Шиповник прижал руку к сердцу, словно она нанесла ему смертельную рану. Блеск в синих глазах выдавал его.
— Похоже, я оставил о себе плохое впечатление. И если хочу получить шанс тебя покорить, то должен выяснить, что же тебе во мне не нравится.
— Может, я просто не люблю тех, кто вламывается ко мне в спальню и оскорбляет мою мать? — огрызнулась Фи, стараясь не краснеть.
Шиповник рассмеялся.
— Я ее не оскорблял. По крайней мере нарочно.
Он шагнул вперед в пятно лунного света. Фи сдержала порыв провести рукой по его руке.

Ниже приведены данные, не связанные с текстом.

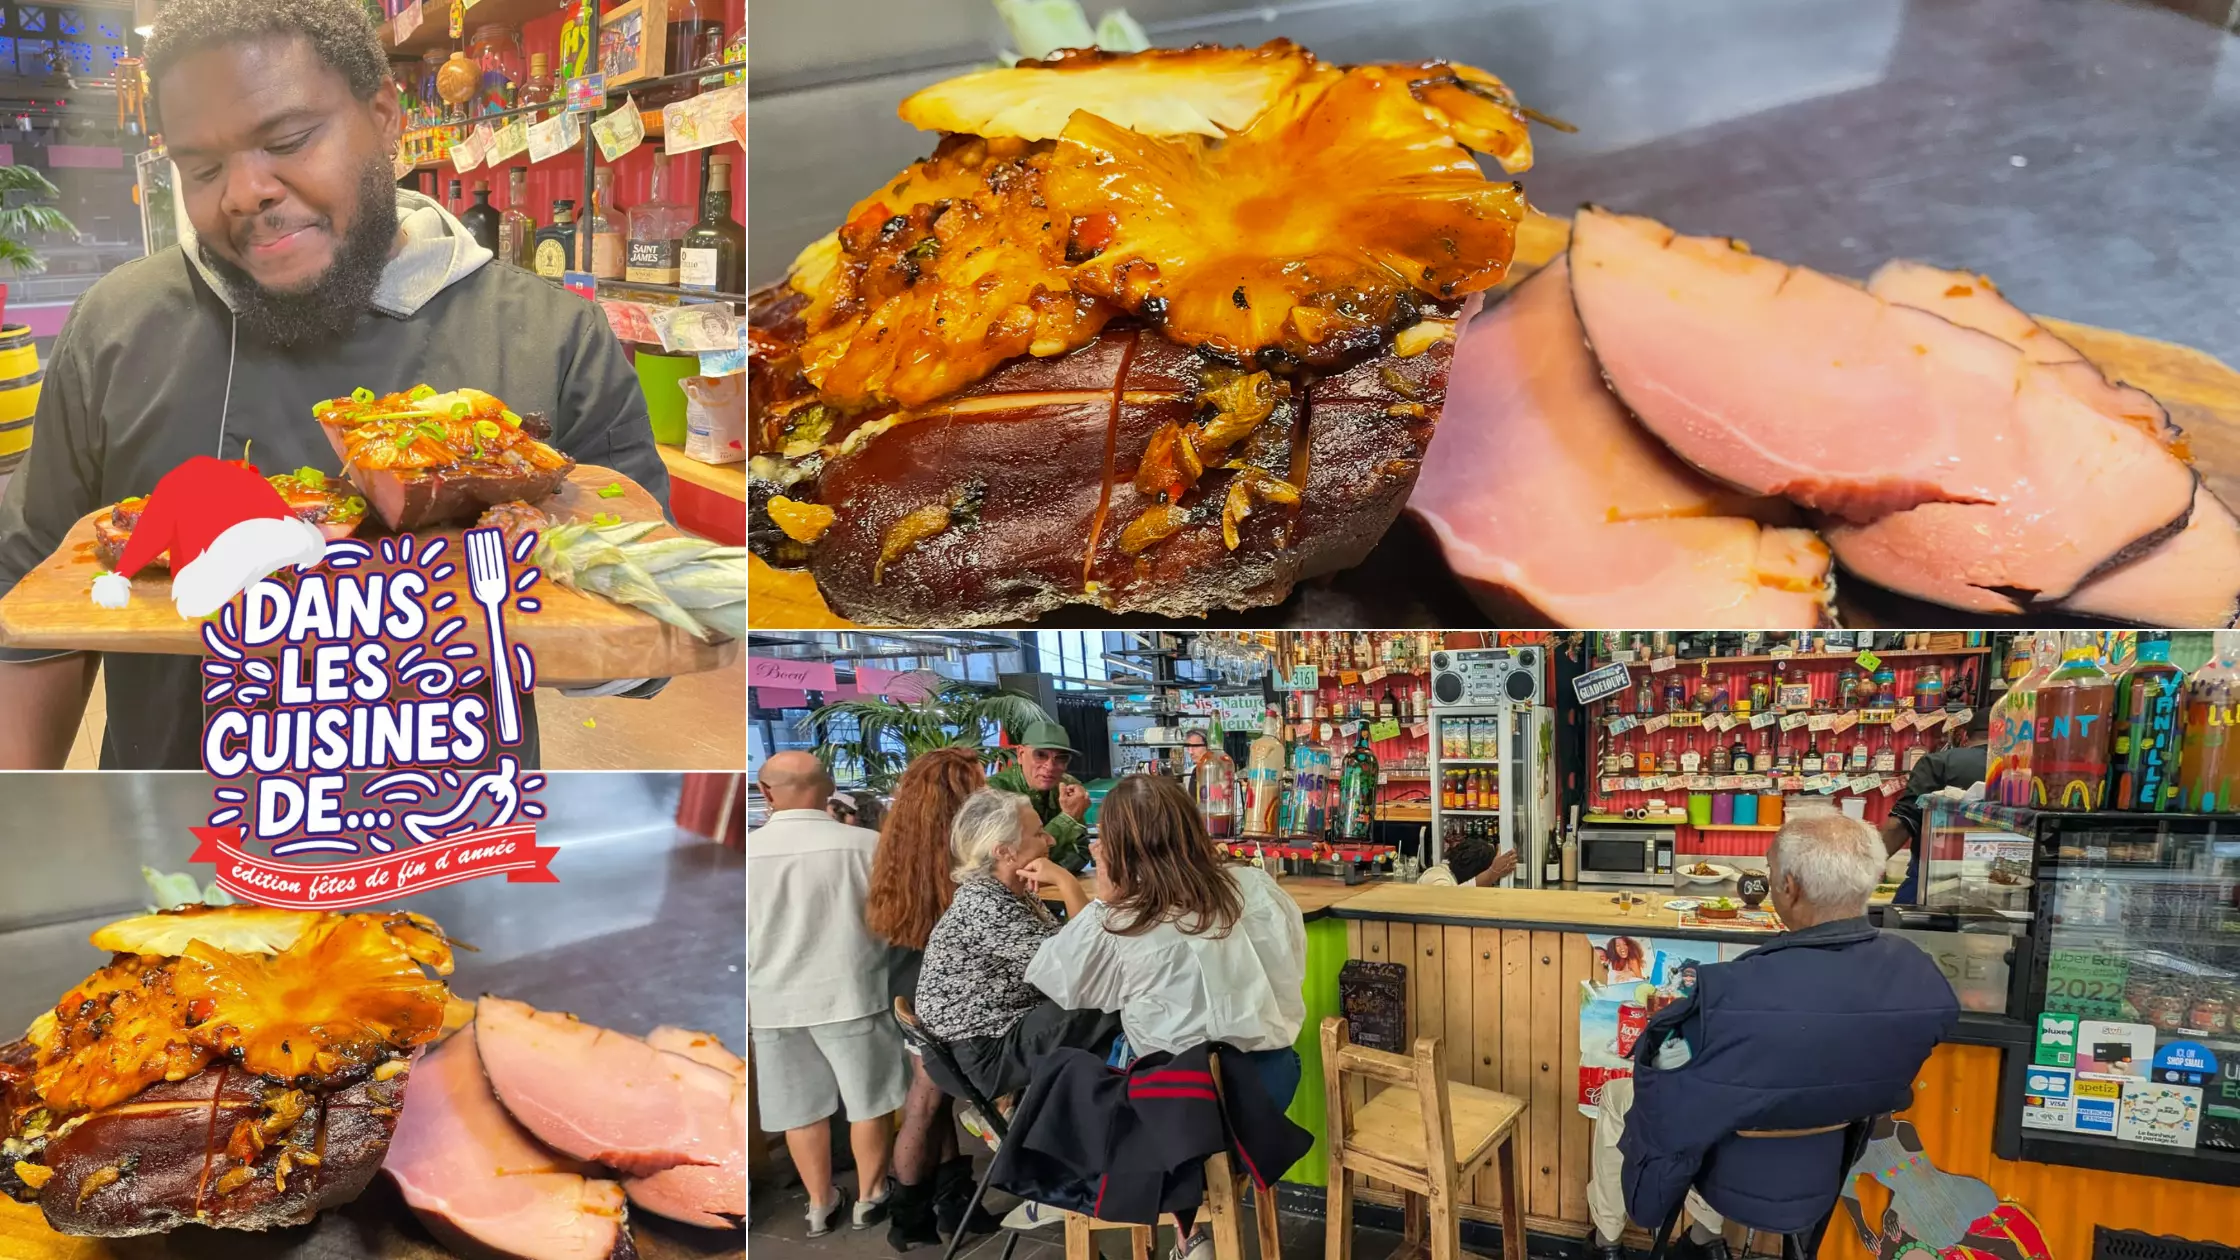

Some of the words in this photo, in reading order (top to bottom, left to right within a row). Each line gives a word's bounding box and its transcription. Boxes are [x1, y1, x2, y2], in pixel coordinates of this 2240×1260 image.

[632, 244, 659, 254] SAINT
[630, 253, 659, 263] JAMES
[1579, 672, 1628, 700] GUADELOUPE
[2140, 670, 2184, 803] VANILLE
[2052, 951, 2089, 965] Uber
[2091, 954, 2128, 969] Eats
[2047, 976, 2122, 1003] 2022
[2042, 1026, 2074, 1036] pluxee
[2166, 1056, 2184, 1066] SHOP
[2185, 1058, 2205, 1069] SMALL
[2078, 1083, 2115, 1093] apetiz
[2077, 1108, 2112, 1117] AMERICAN
[2143, 1135, 2170, 1144] partage
[2146, 1130, 2176, 1139] bonheur
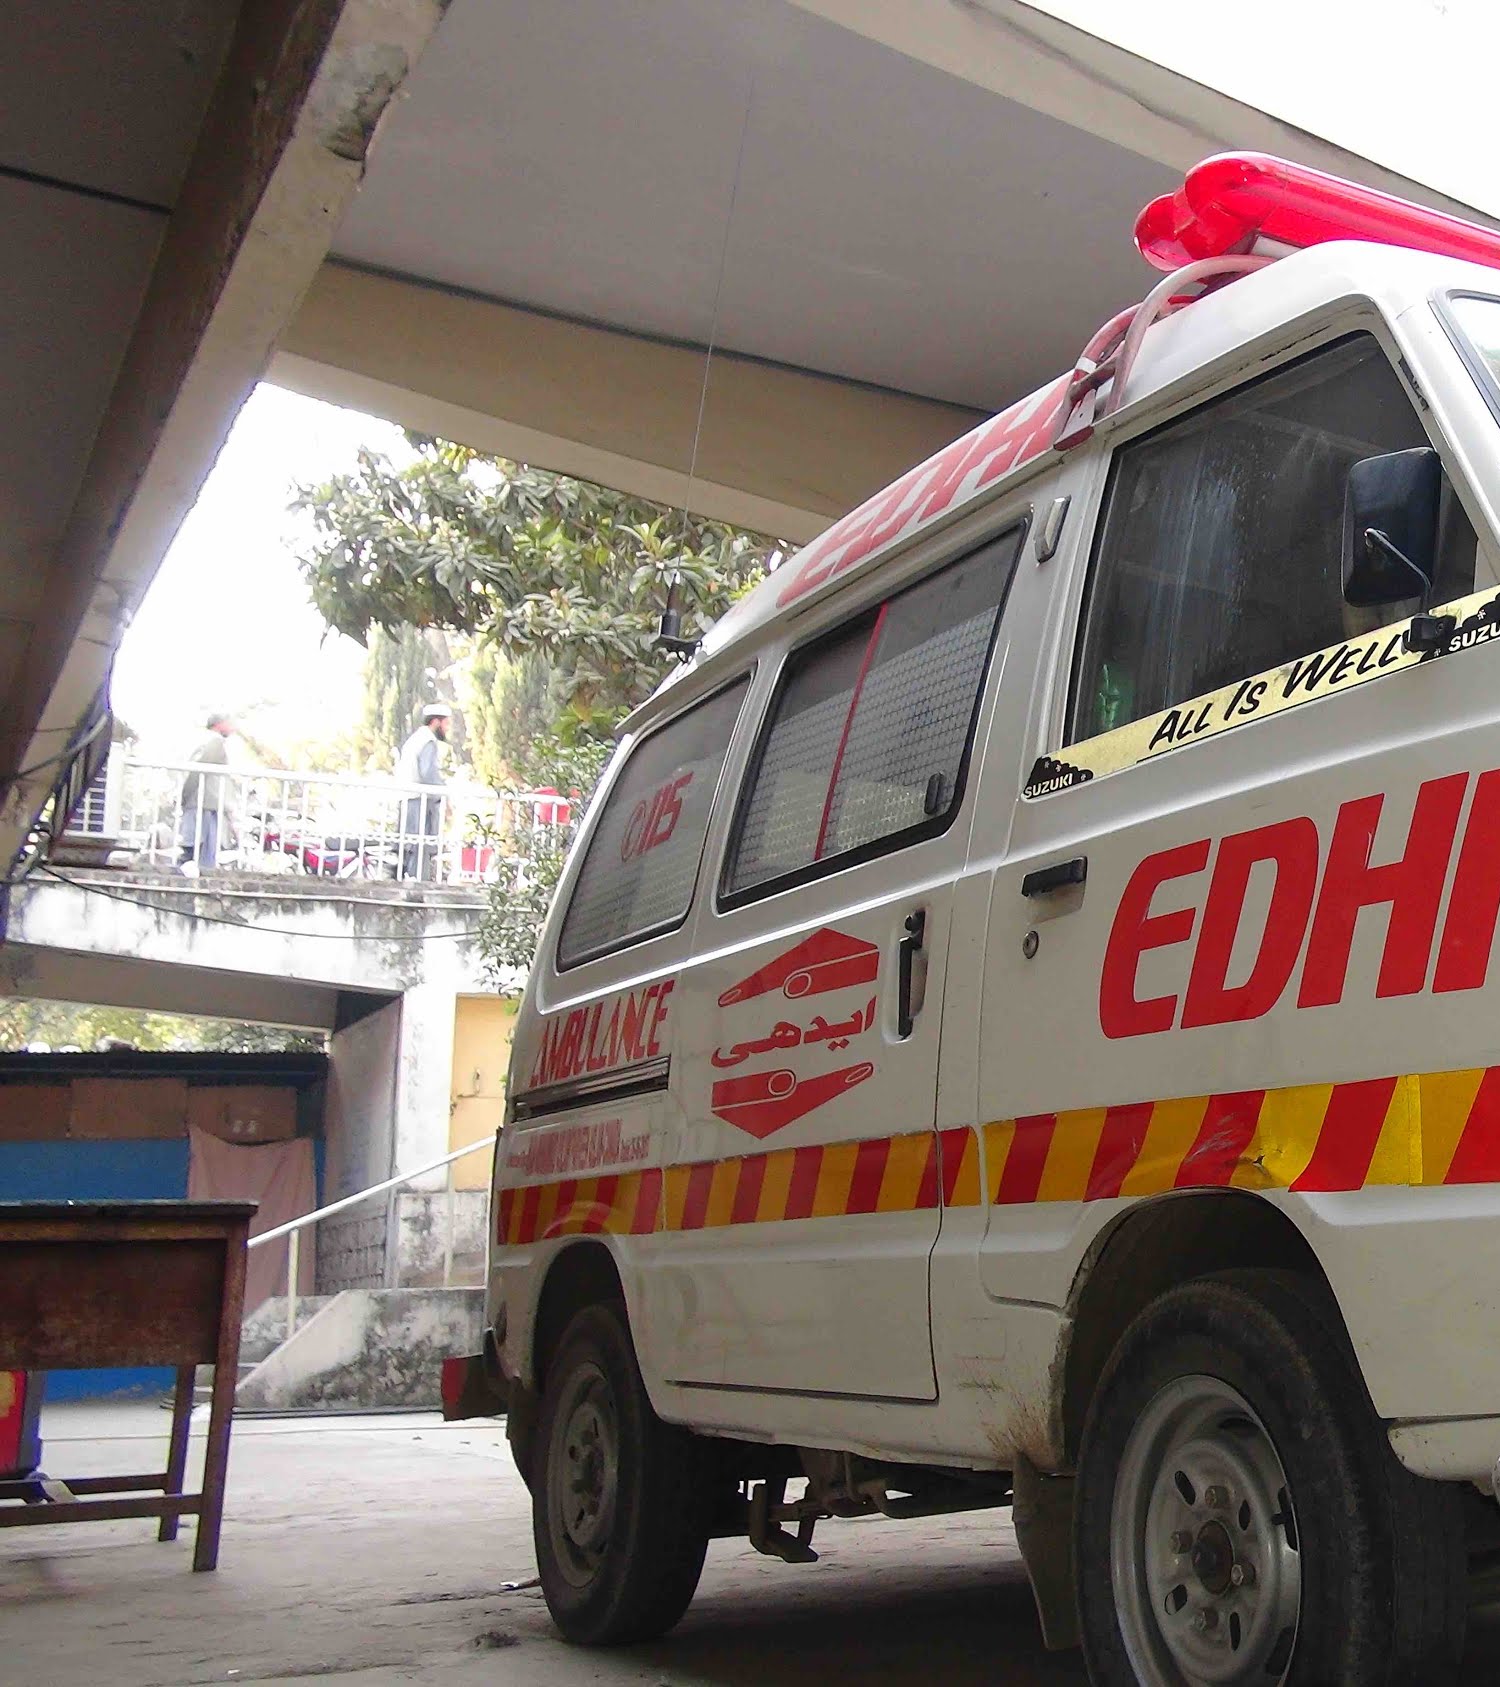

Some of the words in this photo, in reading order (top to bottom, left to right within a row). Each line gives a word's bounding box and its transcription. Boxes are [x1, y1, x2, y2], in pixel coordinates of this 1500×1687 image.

Странное ощущение — стоять рядом с кем-то, кто кажется таким осязаемым, и при этом находиться в полном одиночестве.
Принц кивнул на картину.
— Моя мать была невероятно красива. Говорят, я весь в нее. — Он дерзко улыбнулся Фи, и та в ответ закатила глаза, хотя знала, что это только подстегнет его. — Она умерла вскоре после моего рождения, так что больше я о ней почти ничего и не знаю.
— О… Верно.
Фи не представляла, что и сказать. Легенда была ей хорошо известна, но впервые она задумалась о ней не просто как о сказке. Шиповник — настоящий, а значит, родные, которых он потерял, тоже настоящие. Он лишился всего. Когда Фи снова на него посмотрела, принц показался ей совсем юным, тоскующим и грустным, просто парень шестнадцати лет, который делится секретами с незнакомкой, потому что она единственная, с кем ему удалось поговорить за целый век. Такой же одинокий, как сама Фи.
Внезапно ей показалось, что она догадалась, зачем явился Шиповник. Может быть, дело не в том, чтобы узнать ее получше.
Может быть, это связано с желанием не оставаться хоть какое-то время в одиночестве.
— Шиповник, ты…
«Все ли с тобой в порядке?» — вот что она намеревалась спросить. Но желание исчезло, как только Фи поняла, что его больше нет рядом, он стоит у нее за спиной, у книжного шкафа, и рассматривает сувениры на полках.
— Ты роешься в моих вещах? — возмутилась она, скрестив на груди руки.
Шиповник дернулся, потирая затылок.
— Любопытство одолело! — заявил он, и это вовсе не напоминало извинения. — Я еще никогда не покидал замок.
— Ты имеешь в виду целый век?
Принц мотнул головой.
— И даже до того. Мне с детства было предначертано пасть от злых чар. Было слишком опасно куда-то выходить.
Фи такого и представить не могла. В детстве у нее было предостаточно свободы делать что только вздумается.
«И вот как я ей распорядилась», — не сдержавшись, с горечью подумала она.
Шиповник снова отвернулся и склонился к полке, едва не уткнувшись в маленькую деревянную статуэтку.
— Что это? — поинтересовался он.
Фи сдалась и встала рядом с ним у подножия высокой полки.
— Сувенир на удачу, его вырезал умелец с острова у побережья Писарра, — объяснила она. — Он обещает хорошую погоду, но у нас шесть недель кряду шли дожди.
— Не сомневаюсь, ты прекрасно выглядела по уши в грязи, — поддразнил принц. Он обвел взглядом полку и уставился на нож с костяной рукояткой. — Как красиво!
— Этому клинку почти пять сотен лет, — сказала Фи, погладив вырезанные на рукоятке стебли и бутоны. Это была семейная реликвия, предположительно изготовленная собственноручно одним из предков Ненроа.
— А я-то думал, сто лет — это очень долго, — засмеялся Шиповник.
— По сравнению с большинством этих вещей ты младенец, — заявила Фи, невольно успокоившись. Тяжесть в груди куда-то исчезла, и спальня снова превратилась в обычную комнату, наполненную добрыми воспоминаниями, которыми Фи хотелось поделиться.